● ASSIGNMENT:
Below are some records: retype them all exactly, but not the pictures.

-.-.-

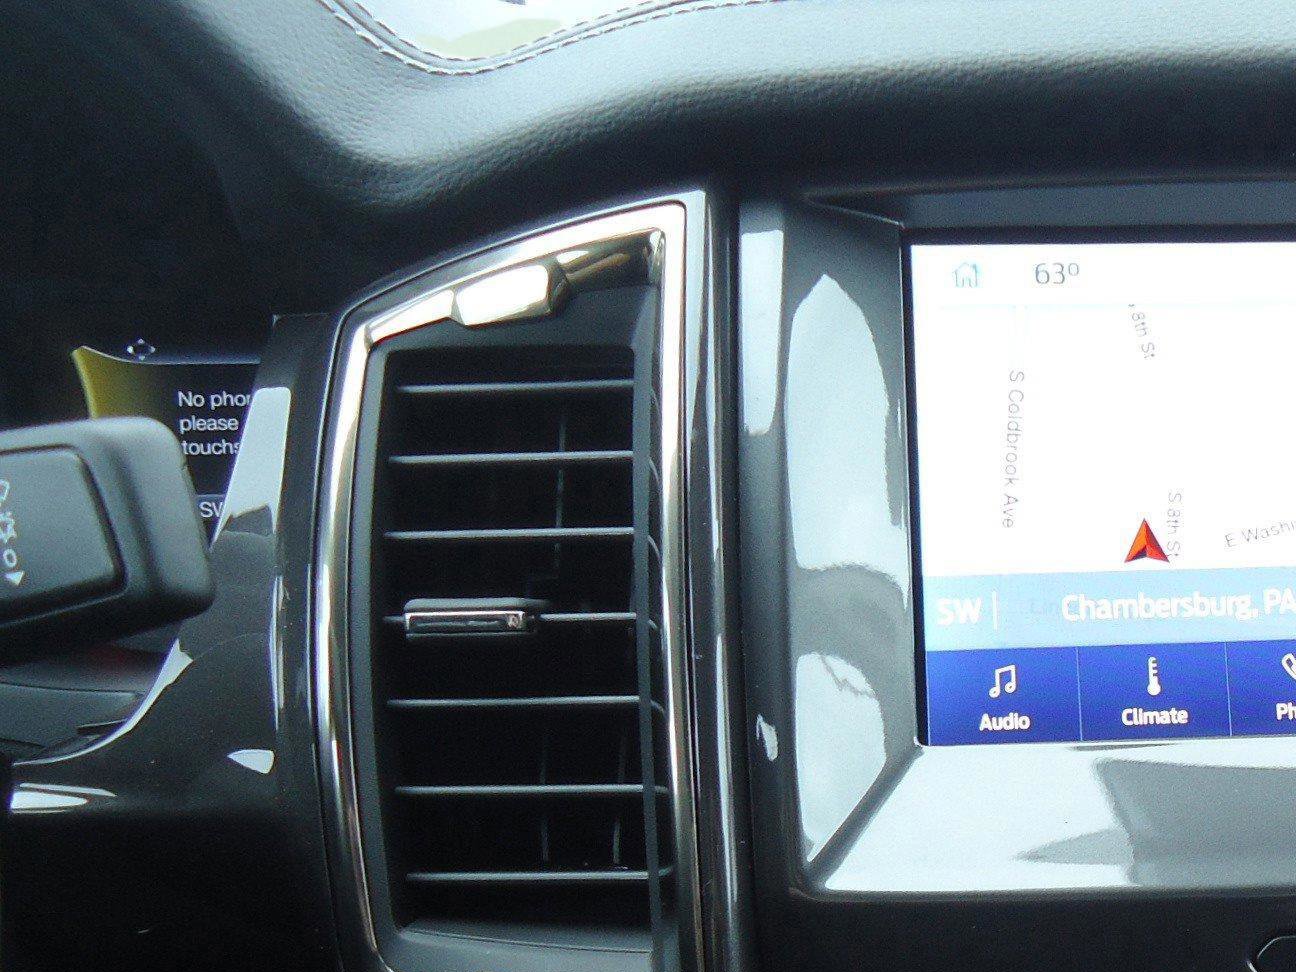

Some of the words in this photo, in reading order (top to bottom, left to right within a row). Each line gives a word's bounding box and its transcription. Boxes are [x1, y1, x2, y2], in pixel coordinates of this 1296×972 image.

[177, 390, 205, 408] No
[180, 415, 240, 434] please
[1004, 388, 1024, 488] Coldbrook
[1001, 492, 1019, 530] Ave
[937, 598, 982, 626] SW
[1061, 591, 1259, 621] Chambersburg,
[979, 711, 1031, 733] Audio
[1121, 706, 1189, 728] Climate
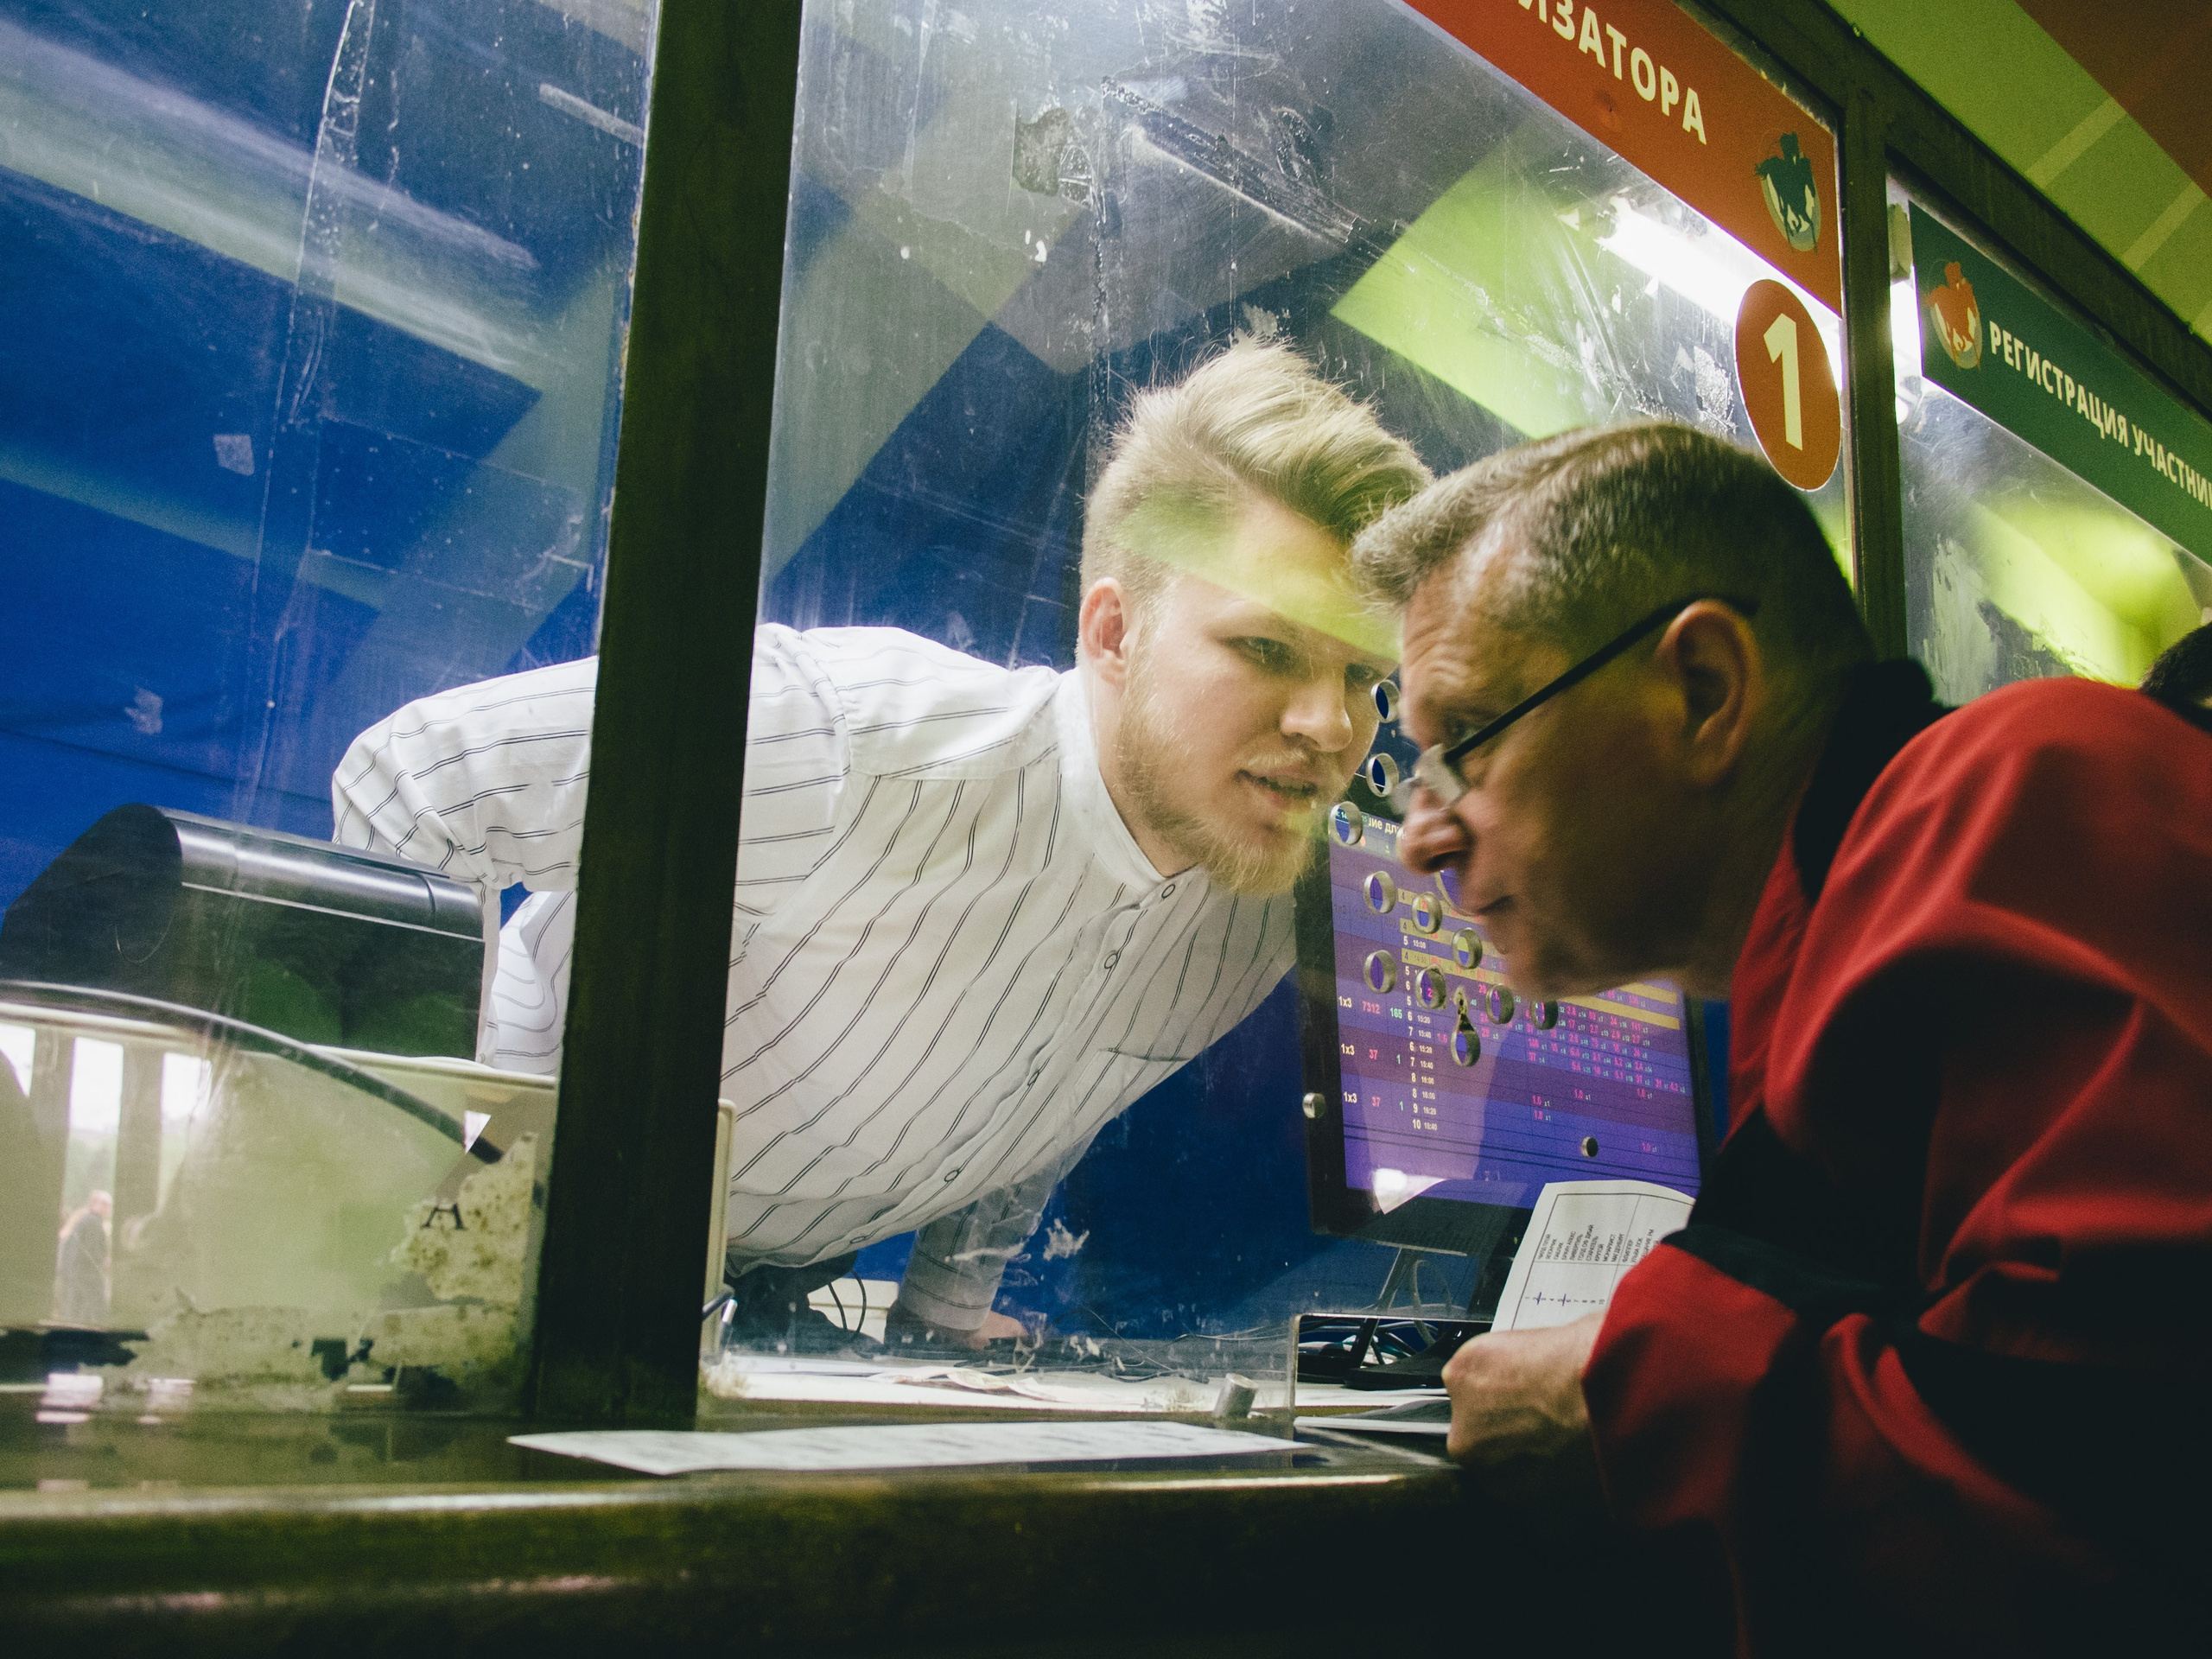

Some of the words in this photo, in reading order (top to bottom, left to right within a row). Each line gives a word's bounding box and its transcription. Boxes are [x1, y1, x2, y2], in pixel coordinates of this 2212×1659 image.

-.-.-

● OUTPUT BELOW:
Some of the words in this photo, in reading order (top to bottom, left to right within a row). Each line gives a word's bounding box and its transcription. Boxes are [x1, y1, x2, y2], in pixel coordinates of this 1296×972 image.

[177, 390, 205, 408] No
[180, 415, 240, 434] please
[1004, 388, 1024, 488] Coldbrook
[1001, 492, 1019, 530] Ave
[937, 598, 982, 626] SW
[1061, 591, 1259, 621] Chambersburg,
[979, 711, 1031, 733] Audio
[1121, 706, 1189, 728] Climate

Some of the words in this photo, in reading order (top to bottom, left to right within a row). Each line gives a word's bounding box and its transcription. Boxes are [x1, y1, x2, y2], in pixel coordinates of this 2212×1659 image.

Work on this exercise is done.